Didn’t You Get My Message?

Read receipts.

Evidence of extreme efficiency or a level of neurosis that should be treated with industrial strength horse tranquilizers?

I only ask because I received an email this week that bullied me into sending a read receipt when I opened it, prodded me to send another receipt when I closed it and then poked me to send yet another when I deleted the damned thing.

It wasn’t even an important email. The message was totally banal.

The security of this nation did not depend on me reading this email. Neither were billions of pounds in global investments riding on its arrival in my Inbox.

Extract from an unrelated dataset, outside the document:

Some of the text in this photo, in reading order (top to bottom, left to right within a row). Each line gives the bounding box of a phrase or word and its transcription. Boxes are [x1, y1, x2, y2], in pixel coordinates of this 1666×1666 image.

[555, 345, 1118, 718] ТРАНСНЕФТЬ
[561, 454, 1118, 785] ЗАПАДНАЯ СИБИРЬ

Why the panic? Why would someone give a shit about me deleting it?

Did they erupt into hysterical sobs when they got that particular receipt? He... he deleted it?! He deleted it! I can’t believe it! How could he do such a thing...? Is the originator of the email going to be found hanging from a lampshade in their office, life extinguished by the plastic flex to the kettle? Is their death going to be on my hands?

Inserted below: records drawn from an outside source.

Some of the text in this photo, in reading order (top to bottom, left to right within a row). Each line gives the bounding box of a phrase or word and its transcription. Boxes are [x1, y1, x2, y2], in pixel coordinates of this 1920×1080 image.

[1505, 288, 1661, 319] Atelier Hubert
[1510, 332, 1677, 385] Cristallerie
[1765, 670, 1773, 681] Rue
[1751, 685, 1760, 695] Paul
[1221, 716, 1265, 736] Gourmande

I don’t want this responsibility.

I just want to receive emails and delete them without having to account for my actions. After all, once they’re in my Inbox they’re mine and I can do what I bloody well like with them. I’ll delete them, forward them, reply to them – sometimes even maliciously modify them – as and when I see fit.

Who invited the email Nazi’s to the party anyway?

I mean when you post a letter to someone you don’t ring them up and ask have you opened it yet? Do you? You don’t demand to know if they’ve binned the envelope or worse still run the letter through the shredder. Why all this panic about emails?

Plainly it is a case of some kind of inferiority / superiority complex. I send you an email and refuse to relinquish control of it. I demand to know every stage of its journey and I demand to know exactly what you do with it. Because I refuse to be ignored. You will acknowledge my email. You will acknowledge the reading and the deleting of it. You will acknowledge me, me, me and the power I have over you.

Bullshit.

The sender has requested a read receipt be sent when the message is read. Do you want to send a receipt? Yes / No.

No.

No. No. Effing no.

I think you’ll find that it is me – me, me, me – who truly has the power...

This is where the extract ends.